Records to use:
● ● ●

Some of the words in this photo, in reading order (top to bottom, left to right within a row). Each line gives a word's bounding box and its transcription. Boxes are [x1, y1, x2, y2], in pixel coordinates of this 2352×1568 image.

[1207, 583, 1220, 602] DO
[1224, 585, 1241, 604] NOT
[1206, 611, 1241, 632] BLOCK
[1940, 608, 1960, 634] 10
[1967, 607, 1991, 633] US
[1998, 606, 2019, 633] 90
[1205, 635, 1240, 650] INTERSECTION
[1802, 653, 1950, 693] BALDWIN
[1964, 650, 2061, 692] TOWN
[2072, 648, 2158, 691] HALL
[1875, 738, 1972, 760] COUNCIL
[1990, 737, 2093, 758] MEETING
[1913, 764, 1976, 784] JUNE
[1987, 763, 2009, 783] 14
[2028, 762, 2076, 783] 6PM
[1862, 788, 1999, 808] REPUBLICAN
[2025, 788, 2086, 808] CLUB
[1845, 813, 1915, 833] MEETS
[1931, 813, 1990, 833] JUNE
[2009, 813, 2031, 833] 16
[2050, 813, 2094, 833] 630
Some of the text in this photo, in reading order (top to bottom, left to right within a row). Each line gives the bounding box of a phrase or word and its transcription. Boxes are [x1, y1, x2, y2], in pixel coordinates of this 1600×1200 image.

● ● ●

Exercise prompt: Copy out the data exactly as it stands, leaving nothing out.

Result for this task:
Some of the words in this photo, in reading order (top to bottom, left to right within a row). Each line gives a word's bounding box and its transcription. Boxes are [x1, y1, x2, y2], in pixel coordinates of this 2352×1568 image.

[1207, 583, 1220, 602] DO
[1224, 585, 1241, 604] NOT
[1206, 611, 1241, 632] BLOCK
[1940, 608, 1960, 634] 10
[1967, 607, 1991, 633] US
[1998, 606, 2019, 633] 90
[1205, 635, 1240, 650] INTERSECTION
[1802, 653, 1950, 693] BALDWIN
[1964, 650, 2061, 692] TOWN
[2072, 648, 2158, 691] HALL
[1875, 738, 1972, 760] COUNCIL
[1990, 737, 2093, 758] MEETING
[1913, 764, 1976, 784] JUNE
[1987, 763, 2009, 783] 14
[2028, 762, 2076, 783] 6PM
[1862, 788, 1999, 808] REPUBLICAN
[2025, 788, 2086, 808] CLUB
[1845, 813, 1915, 833] MEETS
[1931, 813, 1990, 833] JUNE
[2009, 813, 2031, 833] 16
[2050, 813, 2094, 833] 630
Some of the text in this photo, in reading order (top to bottom, left to right within a row). Each line gives the bounding box of a phrase or word and its transcription. Boxes are [x1, y1, x2, y2], in pixel coordinates of this 1600×1200 image.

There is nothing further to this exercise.